Automatic classification of Spanish/Catalan medical diagnosis literals into ICD-10 categories, built for the UAB-ASHO AI Codification Kaggle competition as part of Fundamentals of Natural Language Processing course.

Problem

Given a short clinical literal (e.g. "HTA irc 6", "miocardiopatía dilatada", "cos estrany"), predict its ICD-10 category: the first character of the code.
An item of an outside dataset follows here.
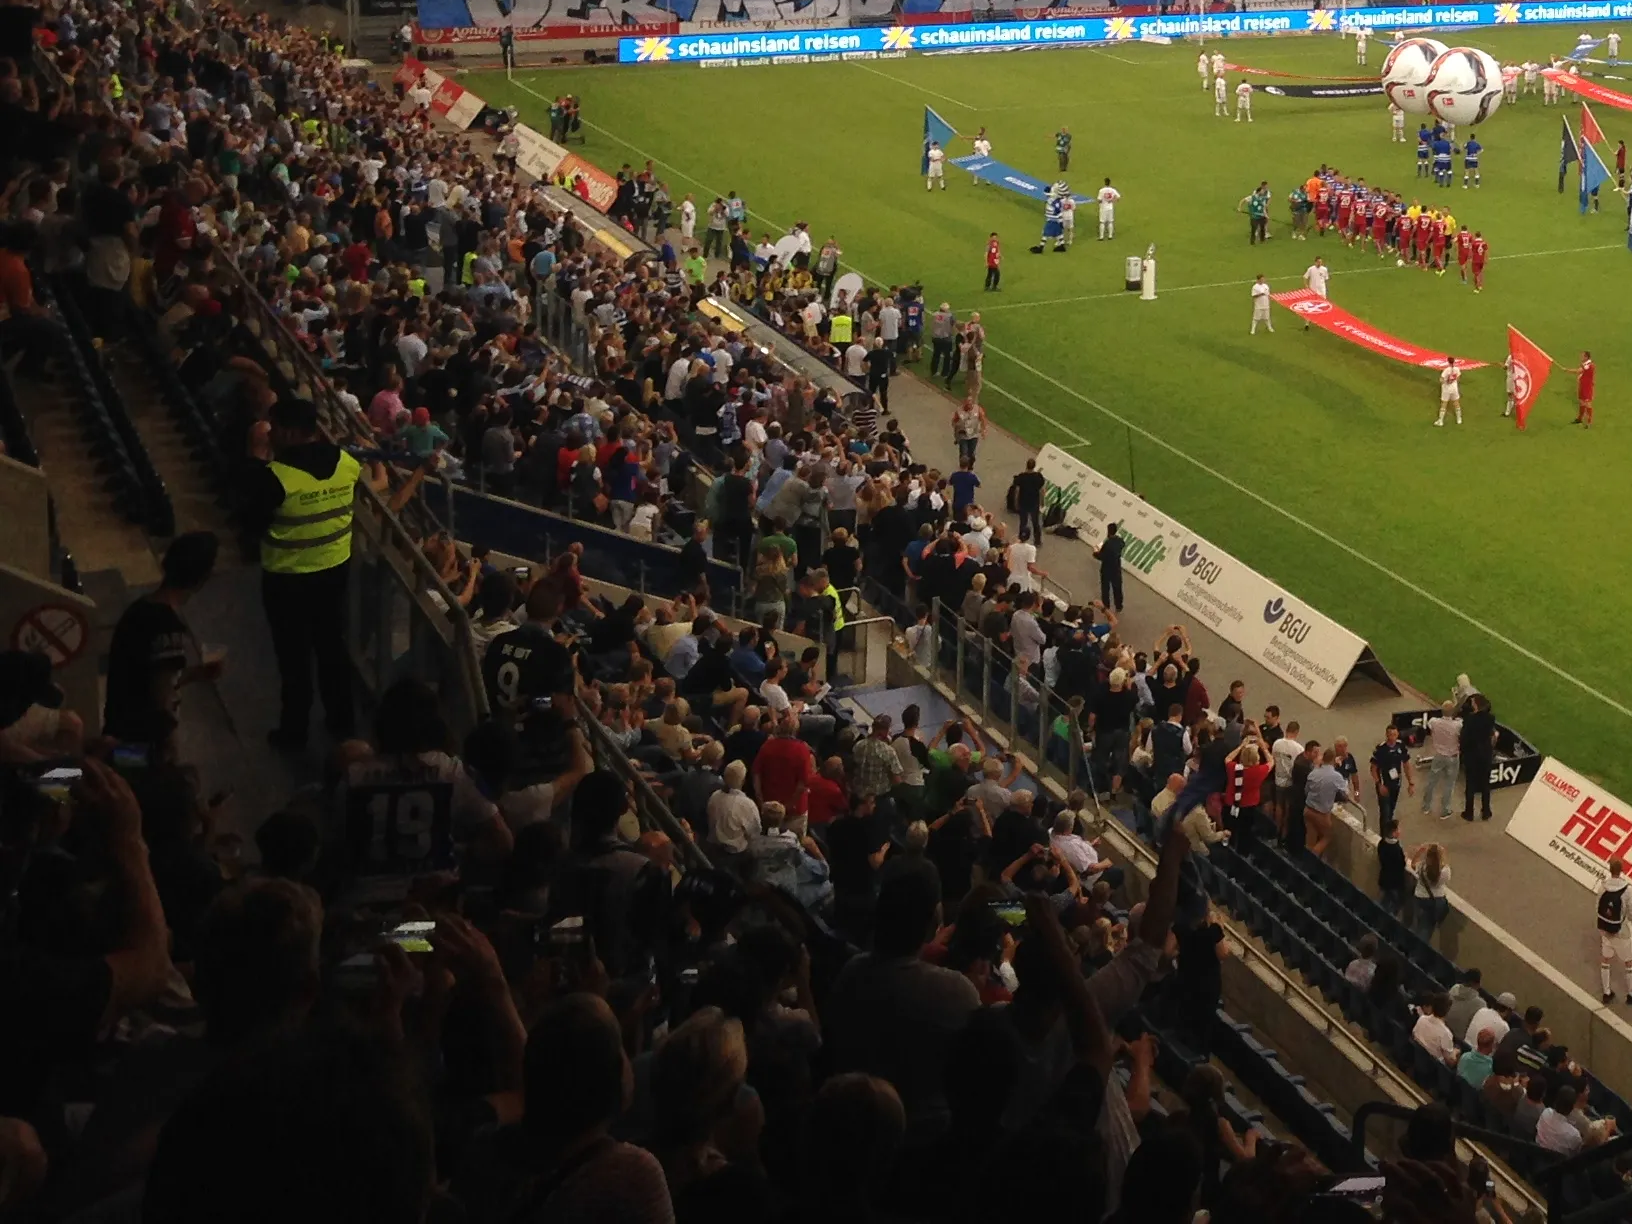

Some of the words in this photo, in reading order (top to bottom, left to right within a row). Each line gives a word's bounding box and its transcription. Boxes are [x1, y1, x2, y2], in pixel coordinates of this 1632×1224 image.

The dataset contains both standard ICD-10 letter codes (A–Z) and legacy numeric codes (0–9, likely CIE-9 procedure codes), which together form 36 possible output classes.

Category	Description
A–B	Certain infectious and parasitic diseases
C–D48	Neoplasms
D50–D89	Diseases of the blood and blood-forming organs
E	Endocrine, nutritional and metabolic diseases
F	Mental and behavioural disorders
G	Diseases of the nervous system
H00–H59	Diseases of the eye and adnexa
H60–H95	Diseases of the ear and mastoid process
I	Diseases of the circulatory system
J	Diseases of the respiratory system
K	Diseases of the digestive system
L	Diseases of the skin and subcutaneous tissue
M	Diseases of the musculoskeletal system
N	Diseases of the genitourinary system
O	Pregnancy, childbirth and the puerperium
P	Certain conditions originating in the perinatal period
Q	Congenital malformations and chromosomal abnormalities
R	Symptoms and signs not elsewhere classified
S–T	Injury, poisoning and other consequences of external causes
U	Codes for special purposes (e.g. COVID-19)
V–Y	External causes of morbidity and mortality
Z	Factors influencing health status and contact with health services
0–9	Legacy numeric codes (CIE-9 / ICD-9 procedure codes)

Dataset

Split	Samples	Notes
Training	13,700	Labeled `(Literal, Code)` pairs
Test (leaderboard)	6,667	Literals only
ICD-10 dictionary	179,742	Official `(Code, Description)` pairs

The label space has 4,059 unique ICD-10 codes with a heavy long tail: 47% of codes appear only once in training.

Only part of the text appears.